OpenBLAS: `LAPACKE_dsytrd` performance degradation with multiple threads on Windows
(This follows from https://github.com/JuliaLang/julia/issues/47211)
On Windows, LAPACKE_dsytrd seems to slow down considerably in multi-threaded mode compared to single-threaded. The test code is here. For a 50x50 matrix, the results are (Windows 10 machine with i7-6700K (4 cores, 8 threads)):
> set OPENBLAS_NUM_THREADS=1
> lapack-test.exe 50 1000
dsytrd:
Average of 1000 runs for a 50x50 matrix = 124.9 us
zhetrd:
Average of 1000 runs for a 50x50 matrix = 203.1 us
> set OPENBLAS_NUM_THREADS=4
> lapack-test.exe 50 1000
dsytrd:
Average of 1000 runs for a 50x50 matrix = 1296.5 us
zhetrd:
Average of 1000 runs for a 50x50 matrix = 249.9 us
I’ve also included LAPACKE_zhetrd for comparison; it is apparent that in the 4-threaded case dsytrd is even slower than zhetrd, which seems counterintuitive.
For larger matrices, dsytrd becomes faster than zhetrd, but multithreding still leads to a slowdown:
> set OPENBLAS_NUM_THREADS=1
> lapack-test.exe 500 100
dsytrd:
Average of 100 runs for a 500x500 matrix = 10831.1 us
zhetrd:
Average of 100 runs for a 500x500 matrix = 32492.4 us
> set OPENBLAS_NUM_THREADS=4
> lapack-test.exe 500 100
dsytrd:
Average of 100 runs for a 500x500 matrix = 30951.7 us
zhetrd:
Average of 100 runs for a 500x500 matrix = 59309.2 us
I could reproduce these results on four different Windows 10 machines (brief system info here). I used OpenBLAS 0.3.21 which I compiled using GCC 7.2.0 and cmake (with the default options).

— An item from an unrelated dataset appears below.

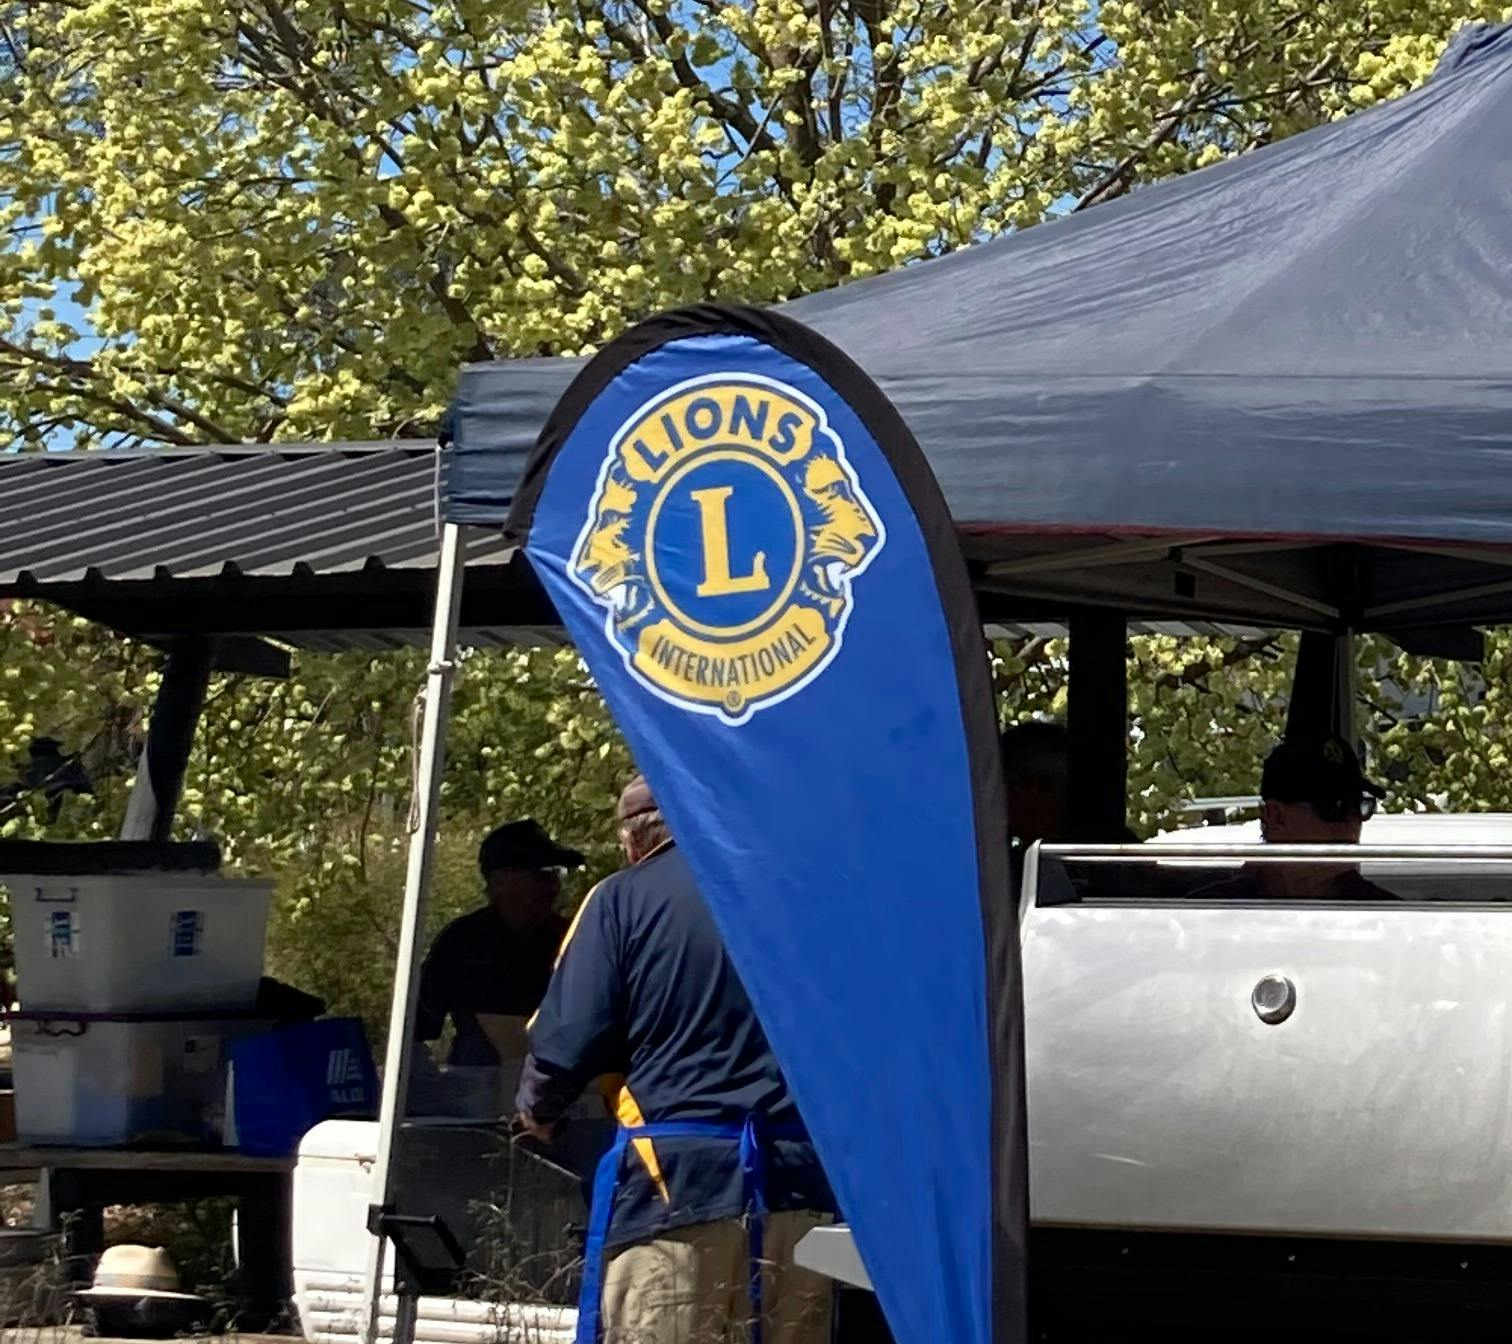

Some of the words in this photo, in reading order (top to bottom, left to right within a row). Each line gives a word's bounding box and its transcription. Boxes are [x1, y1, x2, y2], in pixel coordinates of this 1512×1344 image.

[633, 395, 803, 472] LIONS
[691, 488, 770, 597] L
[650, 623, 817, 687] INTERNATIONAL
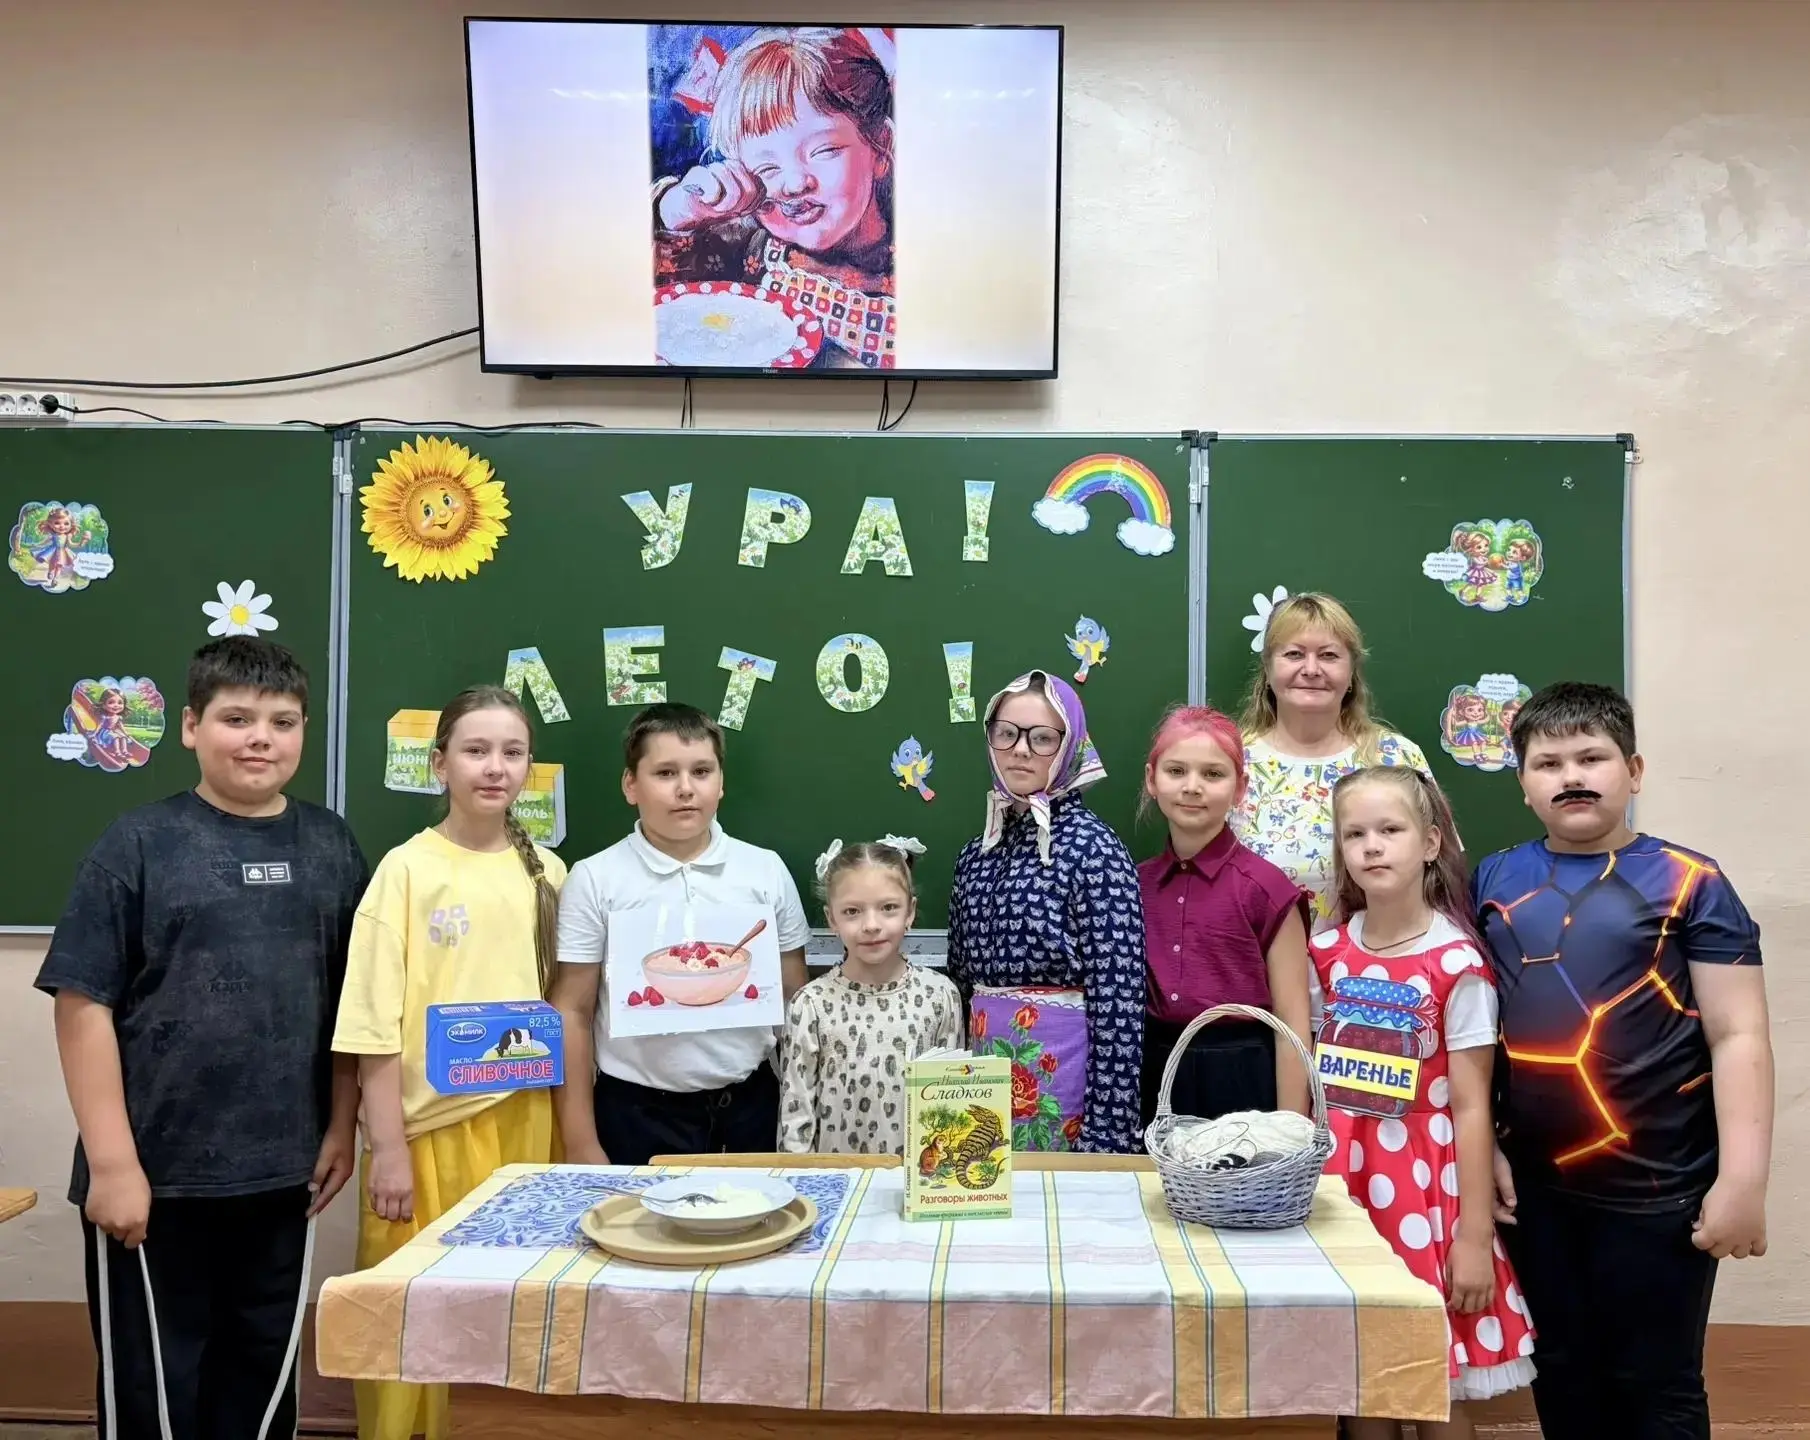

For comparison, on an intel Mac (macOS 10.14.6, i5-5250U (2 cores, 4 threads)) there is only a small performance penalty (if at all) when manipulating small matrices in parallel, while for larger matrices multithreading boosts performance:
$ export OPENBLAS_NUM_THREADS=4
$ ./lapack-test 50 1000
dsytrd:
Average of 1000 runs for a 50x50 matrix = 229.2 us
zhetrd:
Average of 1000 runs for a 50x50 matrix = 315.5 us
$ export OPENBLAS_NUM_THREADS=1
$ ./lapack-test 50 1000
dsytrd:
Average of 1000 runs for a 50x50 matrix = 180.8 us
zhetrd:
Average of 1000 runs for a 50x50 matrix = 288.8 us
$ export OPENBLAS_NUM_THREADS=4
$ ./lapack-test 500 100
dsytrd:
Average of 100 runs for a 500x500 matrix = 14451.2 us
zhetrd:
Average of 100 runs for a 500x500 matrix = 42615.3 us
$ export OPENBLAS_NUM_THREADS=1
$ ./lapack-test 500 100
dsytrd:
Average of 100 runs for a 500x500 matrix = 19221.5 us
zhetrd:
Average of 100 runs for a 500x500 matrix = 55341.5 us
This uses OpenBLAS 0.3.21 compiled using clang from Apple LLVM 10.0.1 and GNU Fortran (GCC) 8.2.0 (for building LAPACK); cmake (with the default options).
About this issue
- Original URL
- State: closed
- Created 2 years ago
- Comments: 28 (9 by maintainers)
syr2 with small n is already transformed to a single-threaded axpy loop, but syr2k does indeed lack a lower threshold.